***** Recorded information *****

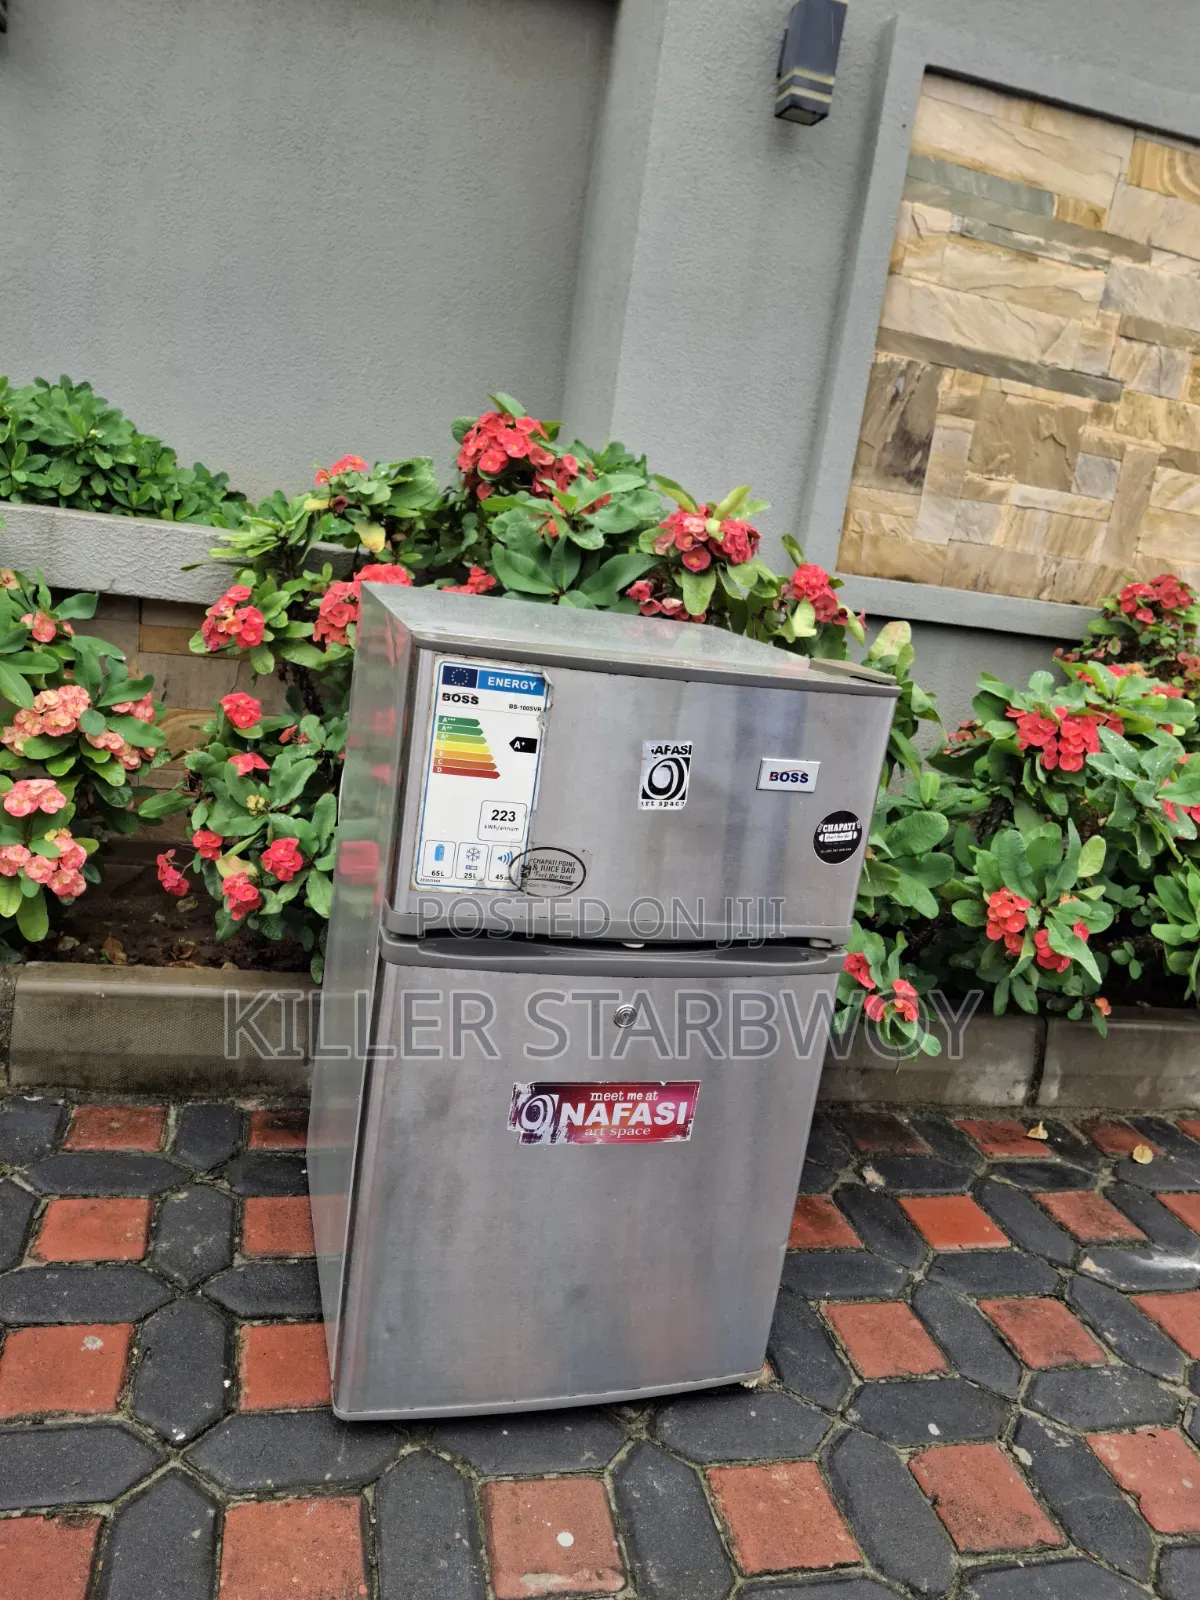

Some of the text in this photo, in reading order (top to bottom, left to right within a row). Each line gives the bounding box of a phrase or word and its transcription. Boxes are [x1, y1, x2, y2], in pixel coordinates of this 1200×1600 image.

[487, 676, 537, 691] ENERGY
[441, 692, 479, 705] BOSS
[513, 740, 526, 749] A+
[769, 771, 809, 784] BOSS
[491, 809, 516, 822] 223
[822, 822, 856, 833] CHAPATI
[532, 858, 576, 868] CHAPATI POINT
[540, 865, 560, 873] JUICE
[560, 867, 576, 875] BAR
[590, 1090, 659, 1101] meet me at
[558, 1102, 688, 1126] NAFASI
[584, 1127, 651, 1139] art space

*****

- [Task objective]: Please write out all the entries above exactly, but leave out the pictures.

- [Answer box]:
Some of the text in this photo, in reading order (top to bottom, left to right within a row). Each line gives the bounding box of a phrase or word and its transcription. Boxes are [x1, y1, x2, y2], in pixel coordinates of this 1200×1600 image.

[487, 676, 537, 691] ENERGY
[441, 692, 479, 705] BOSS
[513, 740, 526, 749] A+
[769, 771, 809, 784] BOSS
[491, 809, 516, 822] 223
[822, 822, 856, 833] CHAPATI
[532, 858, 576, 868] CHAPATI POINT
[540, 865, 560, 873] JUICE
[560, 867, 576, 875] BAR
[590, 1090, 659, 1101] meet me at
[558, 1102, 688, 1126] NAFASI
[584, 1127, 651, 1139] art space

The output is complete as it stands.